In addition, the Issuer shall not be permitted to enter into or amend Cap Agreements unless either (x) the Issuer has obtained the advice of Ropes & Gray LLP or an Opinion of Counsel of other nationally recognized counsel approved by the Holders of a Majority of the Class A Notes that entering into such cap agreement will not cause the Issuer to be considered a “commodity pool” as defined in Section 1a(10) of the CEA, or (y) the Issuer will be operated such that the Collateral Manager and/or such other relevant party to the Transaction, as applicable, will be eligible for an exemption from registration as a “commodity pool operator” (a “CPO”) under the CEA and a “commodity trading advisor” (a “CTA”) under the CEA and all conditions precedent to obtaining such an exemption have been satisfied or (z) if the Issuer would be considered a commodity pool, (i) the General Partner will have agreed to such action and (ii) the Collateral Manager (or a delegated affiliate) will be the CPO with respect to the Issuer as a commodity pool and the Collateral Manager (or a delegated affiliate) will at all material times be a registered CPO with respect to the Issuer as a commodity pool as required under the CEA. For so long as the Issuer and, if applicable, the Collateral Manager are subject to any of clause (x), clause (y) or clause (z) above, the Issuer and, if applicable, the Collateral Manager shall take all action necessary to ensure ongoing compliance with the applicable exemption from registration or registration requirement, as applicable, under the CEA. The reasonable fees, costs, charges and expenses incurred by the Issuer and the Collateral Manager (including reasonable attorneys’, accountants’ and other professional fees and expenses) in connection with these requirements shall be paid as Administrative Expenses.

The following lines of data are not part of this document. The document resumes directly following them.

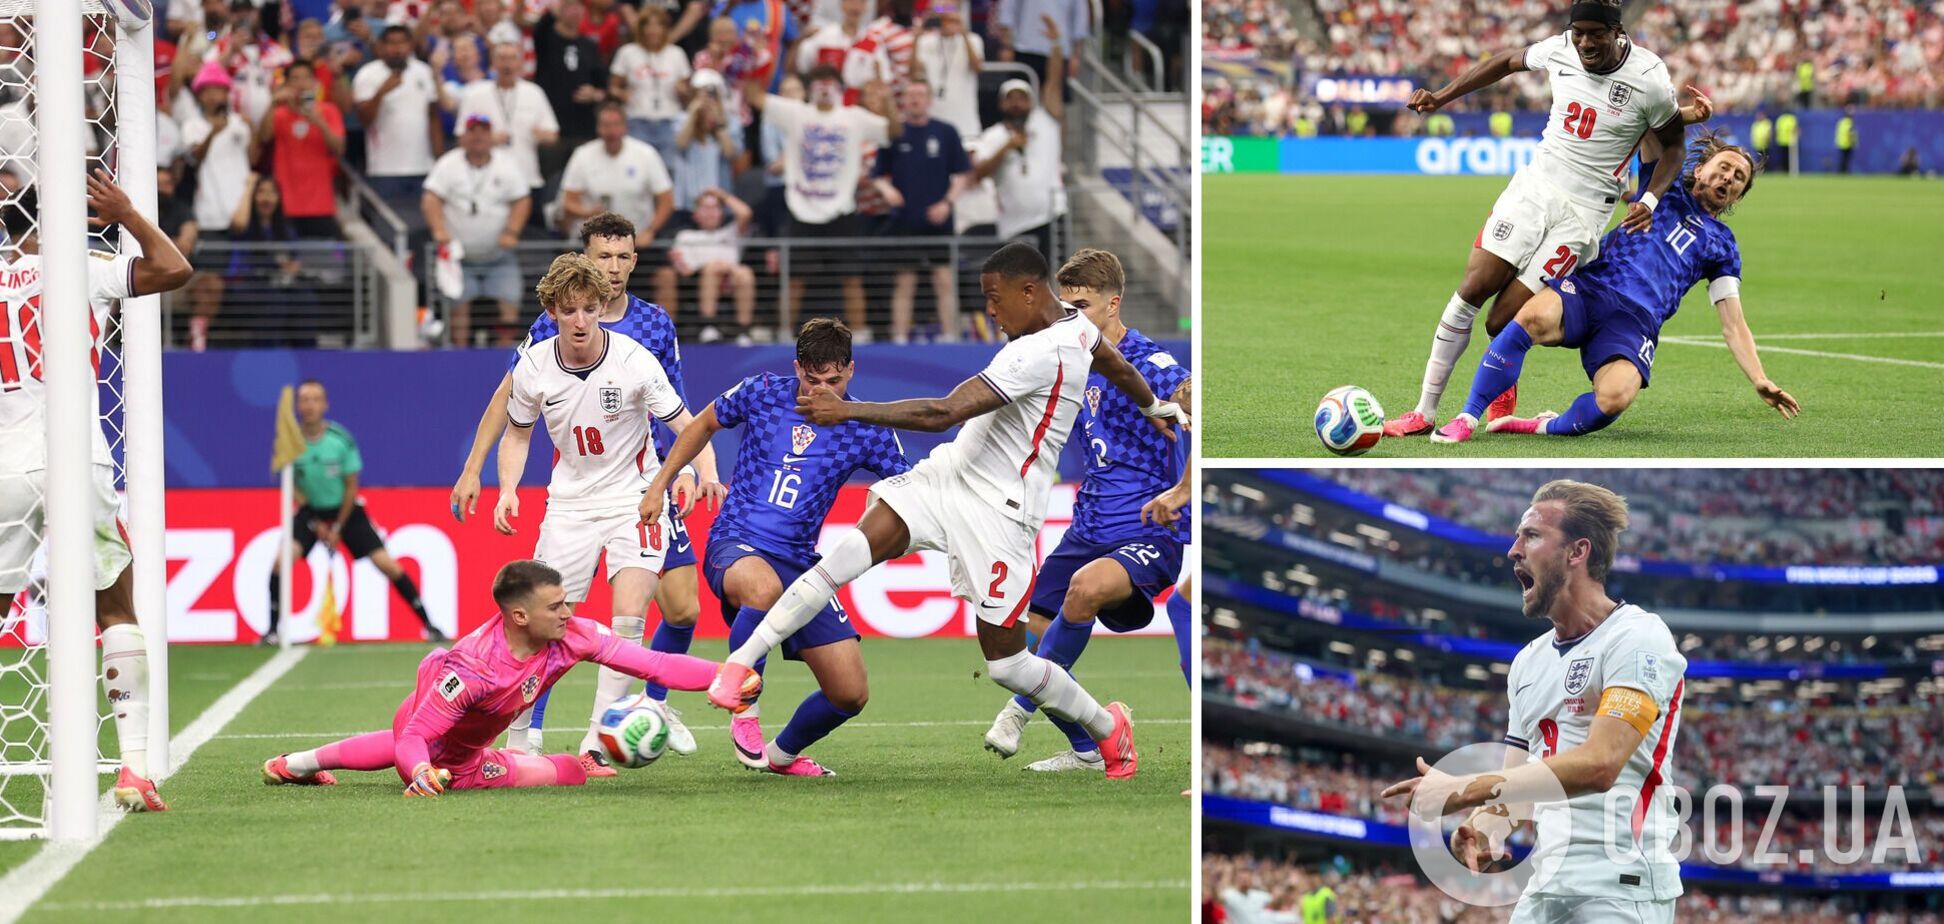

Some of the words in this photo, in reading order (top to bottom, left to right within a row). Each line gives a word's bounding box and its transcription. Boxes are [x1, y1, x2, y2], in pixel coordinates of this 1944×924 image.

[1563, 101, 1597, 139] 20
[1665, 221, 1697, 256] 10
[1543, 244, 1578, 279] 20
[573, 425, 605, 456] 18
[768, 469, 802, 509] 16
[635, 520, 662, 551] 18
[989, 561, 1009, 599] 2
[1538, 718, 1559, 757] 9
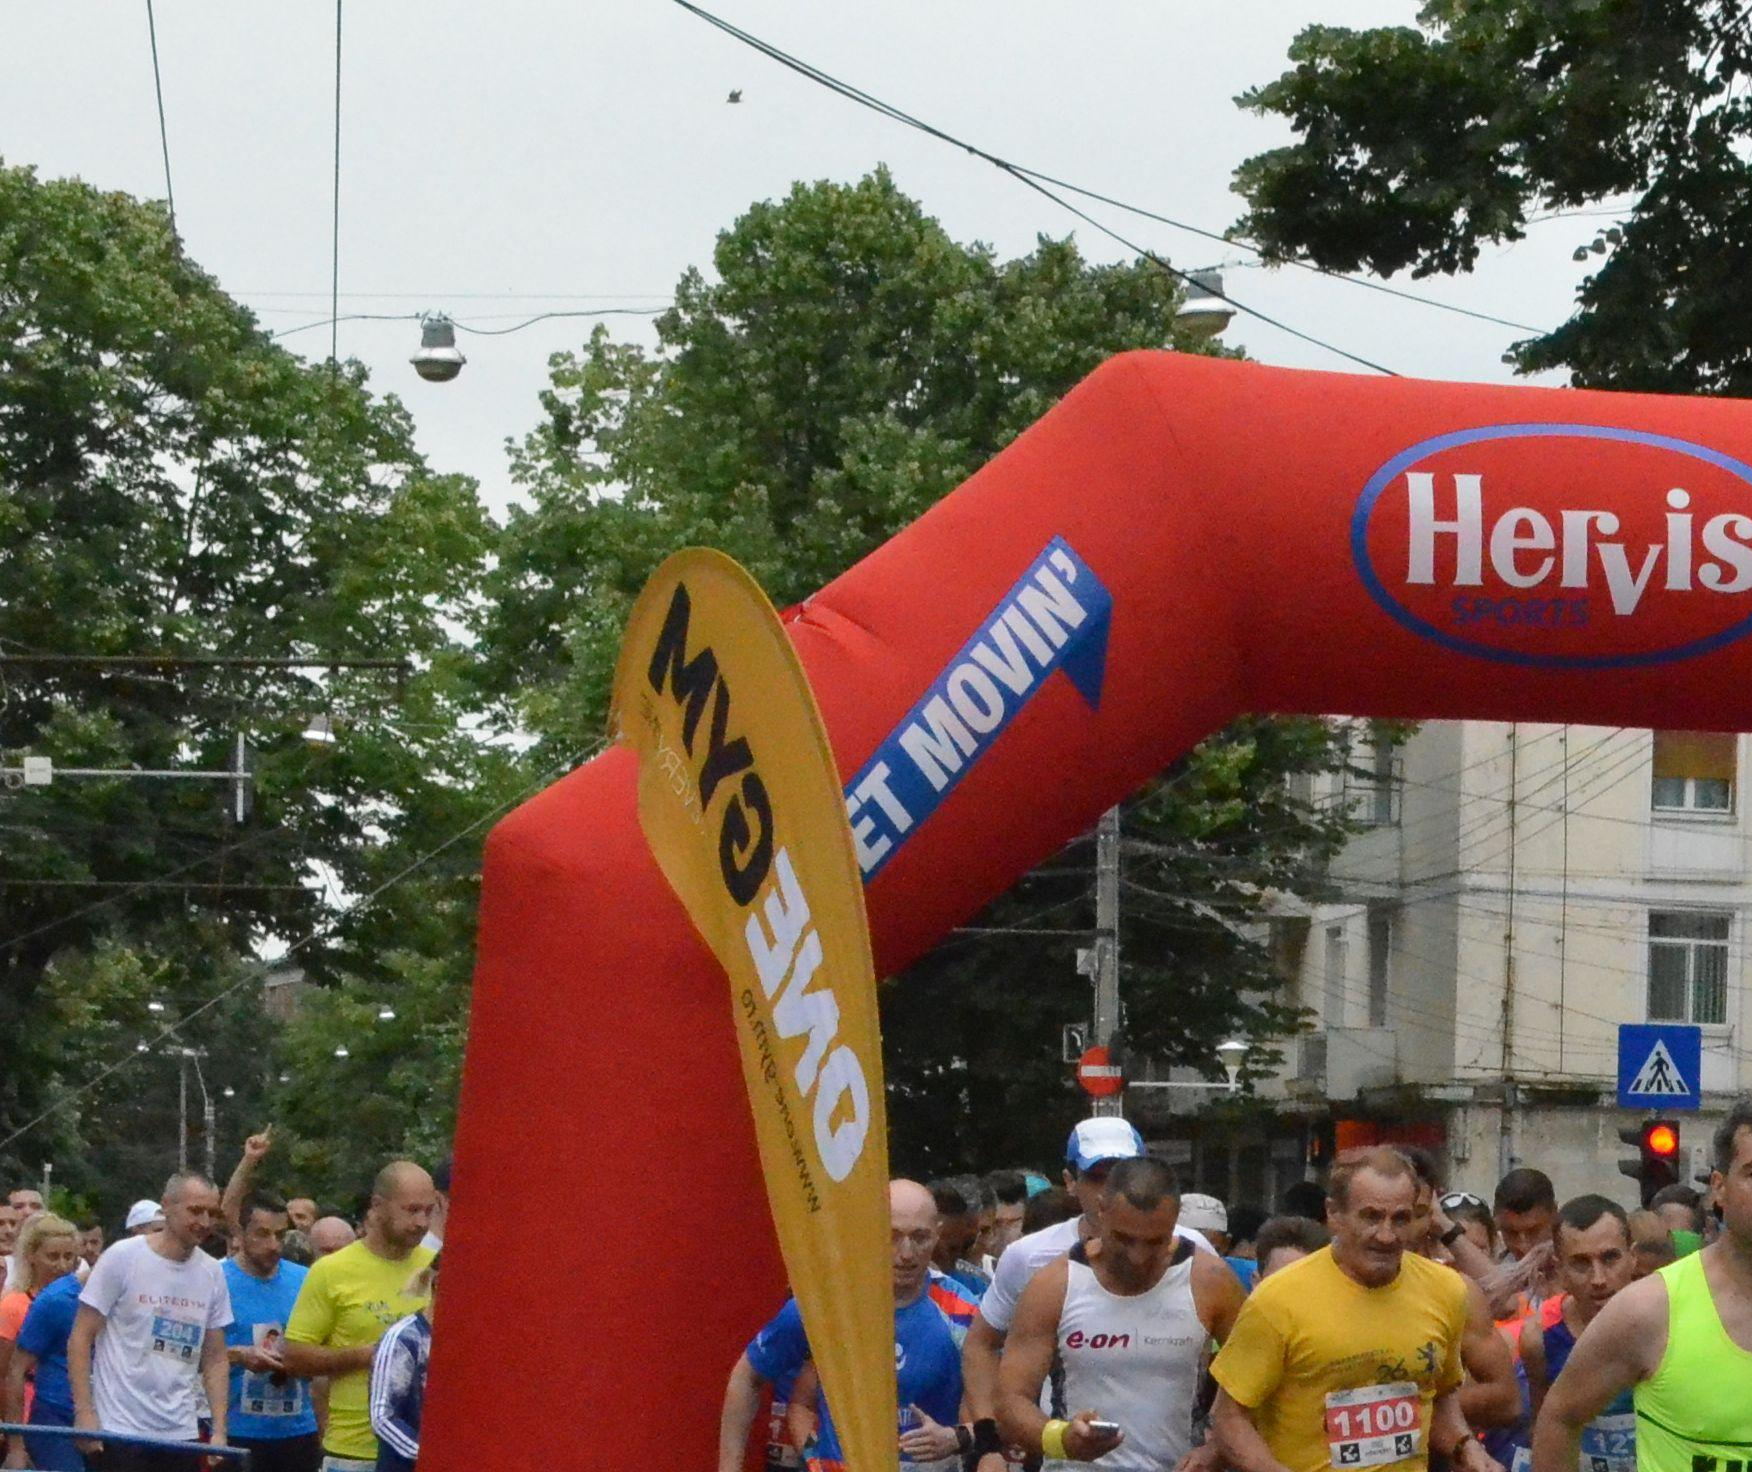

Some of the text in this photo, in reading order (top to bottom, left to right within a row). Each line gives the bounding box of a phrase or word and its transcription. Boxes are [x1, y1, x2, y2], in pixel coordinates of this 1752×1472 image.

The Issuer shall promptly provide a copy of each Cap Agreement to the Trustee.
(b) The Issuer (or the Collateral Manager on its behalf) shall, upon receiving written notice of the exposure calculated under a credit support annex to any Cap Agreement, if applicable, make a demand to the relevant Cap Counterparty and its credit support provider, if applicable, for securities having a value under such credit support annex equal to the required credit support amount.
(c) All collateral received from a Cap Counterparty under a Cap Agreement shall be deposited in the Cap Counterparty Collateral Account.
(d) If a Cap Counterparty has defaulted in the payment when due of its obligations to the Issuer under the Cap Agreement, the Collateral Manager shall make a demand on the Cap Counterparty (or its guarantor under the Cap Agreement) with a copy to the Collateral Manager, demanding payment by the close of business on such date (or by such time on the next succeeding Business Day if such knowledge is obtained after 11:30 a.m., New York time).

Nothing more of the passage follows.